If I change the Checkpoint location back to HDFS , Spark Streaming can recover from both Driver and Receiver failure .
INFO : org.apache.spark.scheduler.DAGScheduler - Executor lost: 2 (epoch 1)
INFO : org.apache.spark.storage.BlockManagerMasterEndpoint - Trying to remove executor 2 from BlockManagerMaster.
INFO : org.apache.spark.storage.BlockManagerMasterEndpoint - Removing block manager BlockManagerId(2, 10.252.5.54, 45789)
INFO : org.apache.spark.storage.BlockManagerMaster - Removed 2 successfully in removeExecutor
INFO : org.apache.spark.streaming.scheduler.ReceiverTracker - Registered receiver for stream 2 from 10.252.5.62:47255
WARN : org.apache.spark.scheduler.TaskSetManager - Lost task 2.1 in stage 103.0 (TID 421, 10.252.5.62): org.apache.spark.SparkException:
Could not read data from write ahead log record FileBasedWriteAheadLogSegment(tachyon-ft://10.252.5.113:19998/tachyon/checkpoint/receivedData/2/log-1431341091711-1431341151711,645603894,10891919) at org.apache.spark.streaming.rdd.WriteAheadLogBackedBlockRDD$$anonfun$compute$1.apply(WriteAheadLogBackedBlockRDD.scala:168)
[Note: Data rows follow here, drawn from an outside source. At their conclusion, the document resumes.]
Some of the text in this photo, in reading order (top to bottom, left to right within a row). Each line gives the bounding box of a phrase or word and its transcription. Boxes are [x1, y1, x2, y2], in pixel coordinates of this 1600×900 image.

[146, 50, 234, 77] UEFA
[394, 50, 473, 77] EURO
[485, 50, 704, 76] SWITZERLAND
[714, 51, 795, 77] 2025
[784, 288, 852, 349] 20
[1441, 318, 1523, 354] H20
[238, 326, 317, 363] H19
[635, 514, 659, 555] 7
at org.apache.spark.streaming.rdd.WriteAheadLogBackedBlockRDD$$anonfun$compute$1.apply(WriteAheadLogBackedBlockRDD.scala:168)
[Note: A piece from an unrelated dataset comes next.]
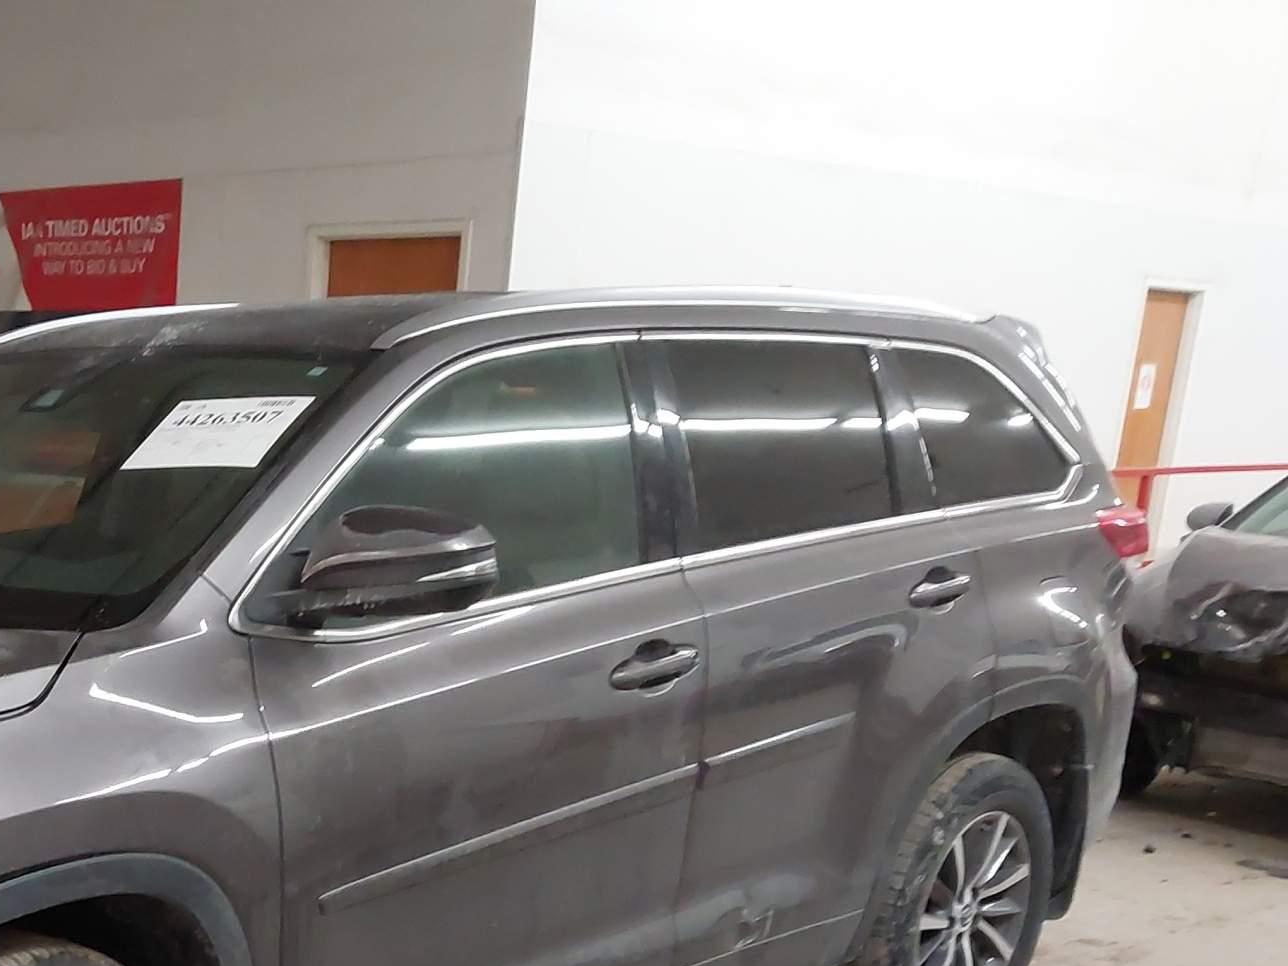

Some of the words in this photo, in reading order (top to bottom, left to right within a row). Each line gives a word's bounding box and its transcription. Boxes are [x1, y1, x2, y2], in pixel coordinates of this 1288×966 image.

at scala.Option.getOrElse(Option.scala:120)
at org.apache.spark.streaming.rdd.WriteAheadLogBackedBlockRDD.compute(WriteAheadLogBackedBlockRDD.scala:168)
at org.apache.spark.rdd.RDD.computeOrReadCheckpoint(RDD.scala:277)
at org.apache.spark.rdd.RDD.iterator(RDD.scala:244)
at org.apache.spark.rdd.UnionRDD.compute(UnionRDD.scala:87)
at org.apache.spark.rdd.RDD.computeOrReadCheckpoint(RDD.scala:277)
at org.apache.spark.rdd.RDD.iterator(RDD.scala:244)
at org.apache.spark.scheduler.ResultTask.runTask(ResultTask.scala:63)
at org.apache.spark.scheduler.Task.run(Task.scala:70)
at org.apache.spark.executor.Executor$TaskRunner.run(Executor.scala:213)
at java.util.concurrent.ThreadPoolExecutor.runWorker(ThreadPoolExecutor.java:1145)
at java.util.concurrent.ThreadPoolExecutor$Worker.run(ThreadPoolExecutor.java:615)
at java.lang.Thread.run(Thread.java:744)
Caused by: java.lang.IllegalArgumentException: Seek position is past EOF: 645603894, fileSize = 0
at tachyon.hadoop.HdfsFileInputStream.seek(HdfsFileInputStream.java:239)
at org.apache.hadoop.fs.FSDataInputStream.seek(FSDataInputStream.java:37)
at org.apache.spark.streaming.util.FileBasedWriteAheadLogRandomReader.read(FileBasedWriteAheadLogRandomReader.scala:37)
at org.apache.spark.streaming.util.FileBasedWriteAheadLog.read(FileBasedWriteAheadLog.scala:104)
... 15 more
INFO : org.apache.spark.scheduler.TaskSetManager - Starting task 2.2 in stage 103.0 (TID 422, 10.252.5.61, ANY, 1909 bytes)
INFO : org.apache.spark.scheduler.TaskSetManager - Starting task 2.3 in stage 103.0 (TID 423, 10.252.5.62, ANY, 1909 bytes)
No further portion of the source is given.